At issue was whether the woman’s expert witness was qualified to testify in the matter under standards set by state law and a precedent-setting 1993 U.S. Supreme Court case.
In an unanimous opinion Monday, the state Supreme Court said Superior Court Judge Stephen Scarlett was right and the appeals court was wrong.
Scarlett ruled correctly when he determined the family’s witness was not an expert in the matter. Therefore, Scarlett was right to grant the companies’ motion for a summary judgment in their favor, the justices said.
Johnny Hamilton, 19, of Garden City was killed and his brother, Justin Hamilton, and their sister, Lakeisha Hamilton-King, were injured when a van struck them in a chain-reaction collision April 8, 2003, on I-95 at the Little Satilla River Bridge, which was being widened.
The three had gotten out of their car after it struck a concrete bridge guardrail when Hamilton-King attempted to avoid another car that drifted into her lane. There was no shoulder. As they stood close to the bridge barrier, the three were hit by the van.

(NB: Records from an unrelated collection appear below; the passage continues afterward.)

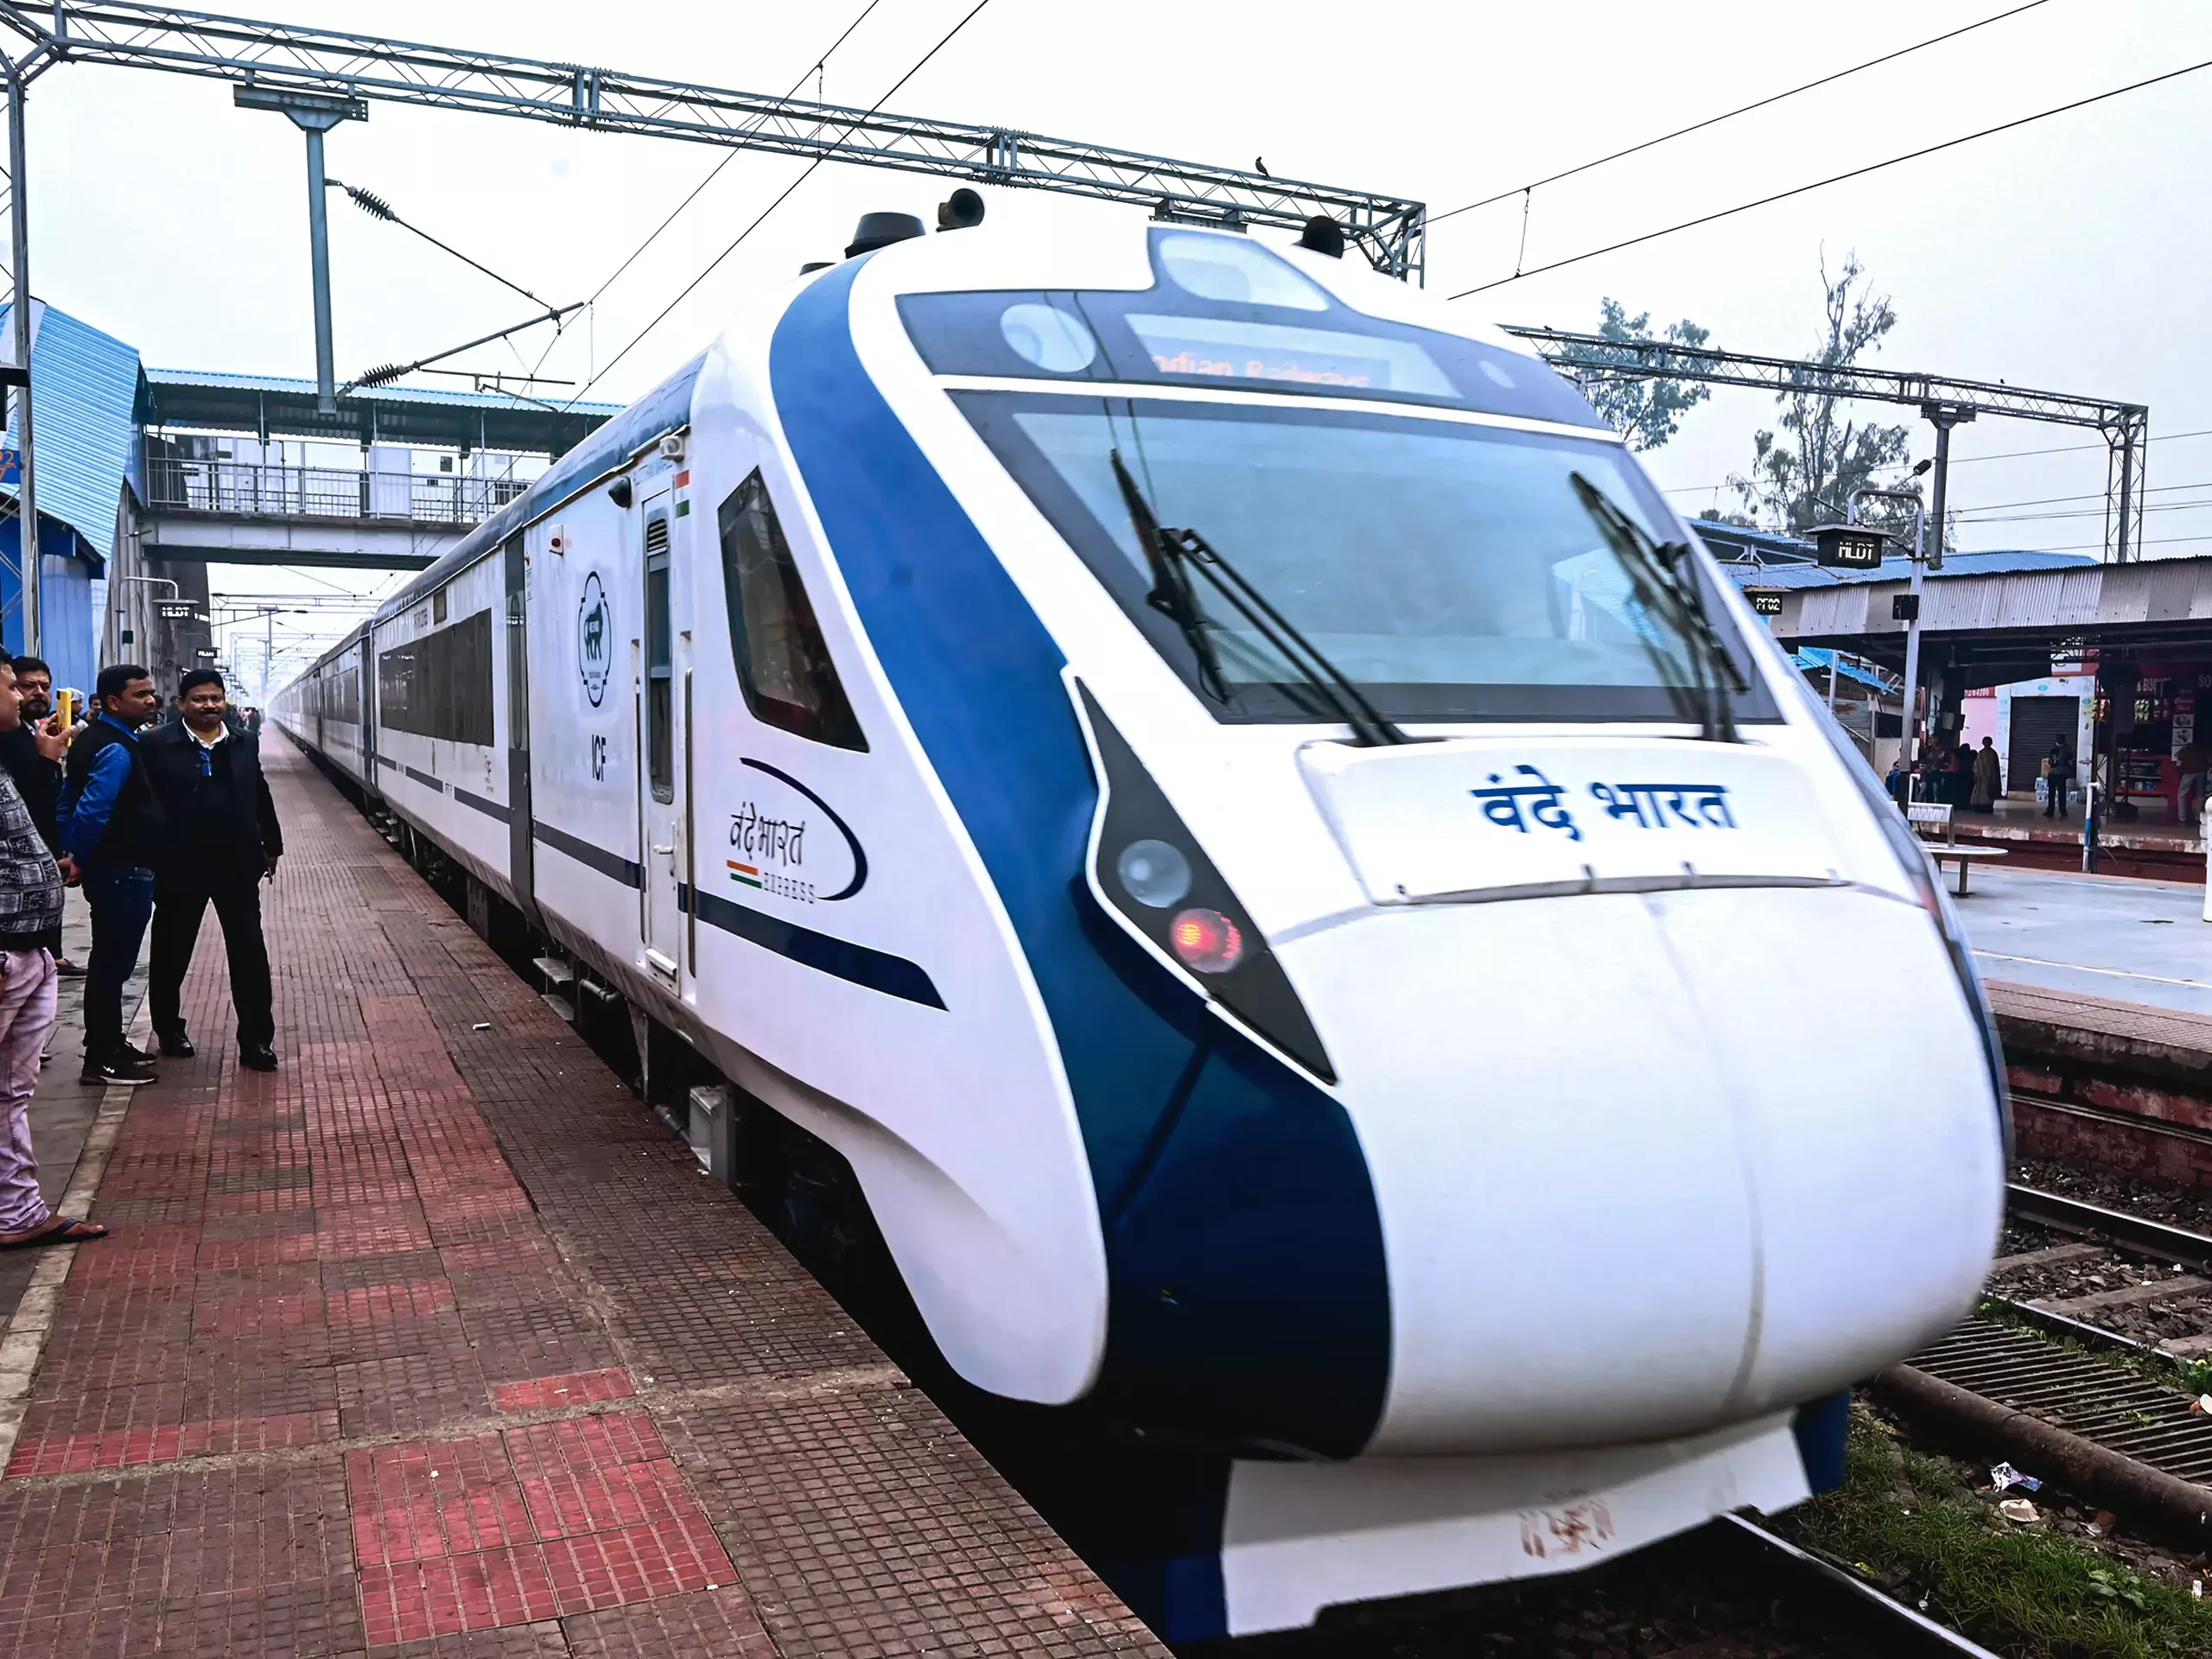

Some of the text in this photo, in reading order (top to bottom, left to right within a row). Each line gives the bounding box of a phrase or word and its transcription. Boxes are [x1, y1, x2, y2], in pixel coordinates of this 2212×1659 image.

[1151, 350, 1234, 378] ndian
[0, 450, 16, 466] 2
[1838, 541, 1874, 560] MLDT
[1756, 597, 1780, 611] PF02
[592, 734, 607, 782] ICF
[1468, 764, 1739, 842] वंदे भारत
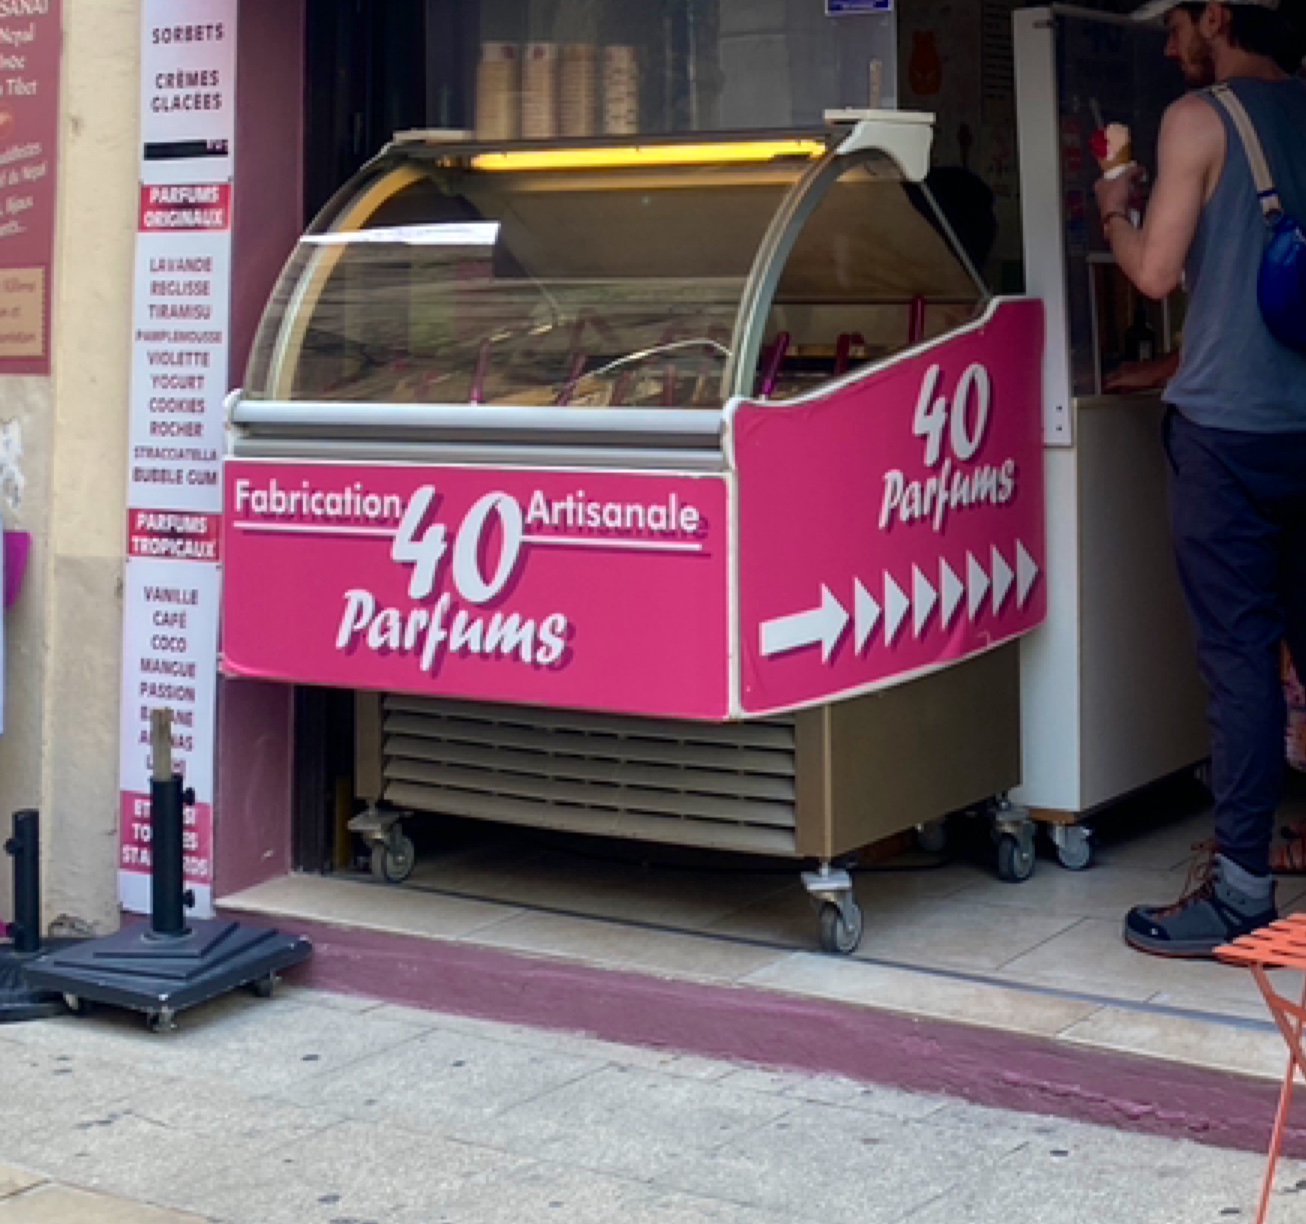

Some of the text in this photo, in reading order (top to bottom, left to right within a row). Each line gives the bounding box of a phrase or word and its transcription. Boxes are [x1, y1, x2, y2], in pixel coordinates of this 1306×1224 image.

[152, 22, 225, 44] SORBETS
[150, 186, 220, 203] PARFUMS
[150, 256, 213, 272] LAVANDE
[147, 304, 211, 320] TIRAMISU
[147, 350, 210, 367] VIOLETTE
[149, 397, 205, 413] COOKIES
[912, 362, 991, 467] 40
[149, 421, 203, 437] ROCHER
[133, 467, 218, 485] BUBBLE GUM
[878, 457, 1016, 533] Parfums
[234, 479, 701, 533] Fabrication Artisanale
[136, 512, 208, 534] PARFUMS
[132, 535, 215, 558] TROPICAUX
[391, 484, 525, 604] 40
[144, 587, 198, 605] VANILLE
[335, 589, 570, 672] Parfums
[151, 634, 187, 652] COCO
[140, 657, 196, 679] MANGUE
[139, 682, 196, 701] PASSION
[131, 823, 198, 851] TOES
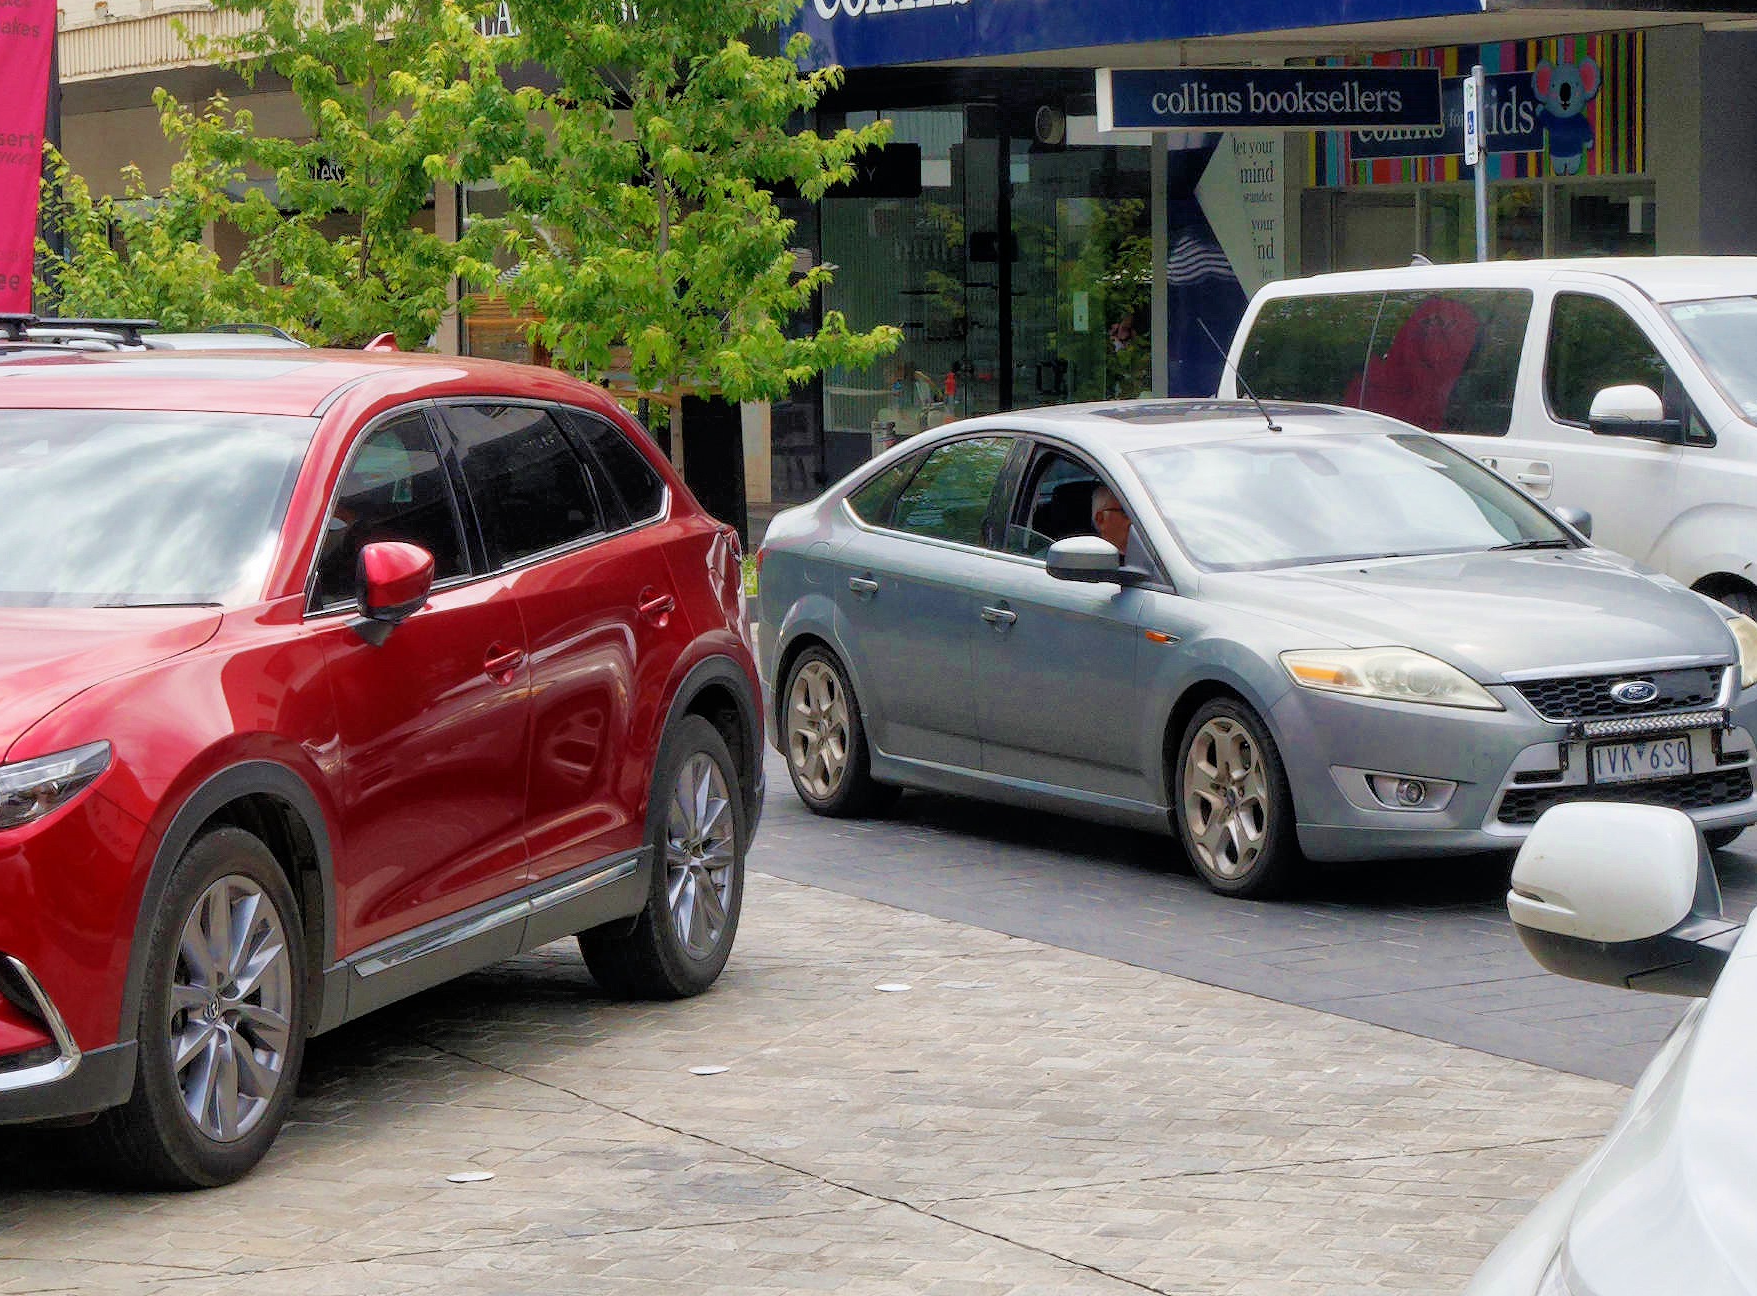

The surviving siblings sued the HNTB Georgia Inc., the designer of the bridge-widening project. They also sued Plant Improvement Co., also known as Seaboard Construction Co., which was the prime contractor for the widening of nearly 7 miles of I-95 including the bridge.
They claimed the companies were negligent in designing the traffic control plan for the construction work, and in failing to provide proper lighting and signs in the work area. The siblings offered a civil engineer, Jerome Thomas, as an expert witness, to testify in support of their claim.
The companies asserted Thomas was not an expert under the qualifications set by state law and federal precedent. His testimony was inadmissible, they argued, because he did not present any evidence that bridge construction projects without shoulders and lighting were “inherently defective,” the companies argued.
Scarlett agreed, and excluded the testimony. Without admissible expert testimony, “there was no issue of fact to be decided by a jury,” Scarlett said in ruling for the companies.
The siblings appealed Scarlett’s decision, and won a reversal from the Court of Appeals. The companies then appealed it to the Supreme Court, which reversed the lower court.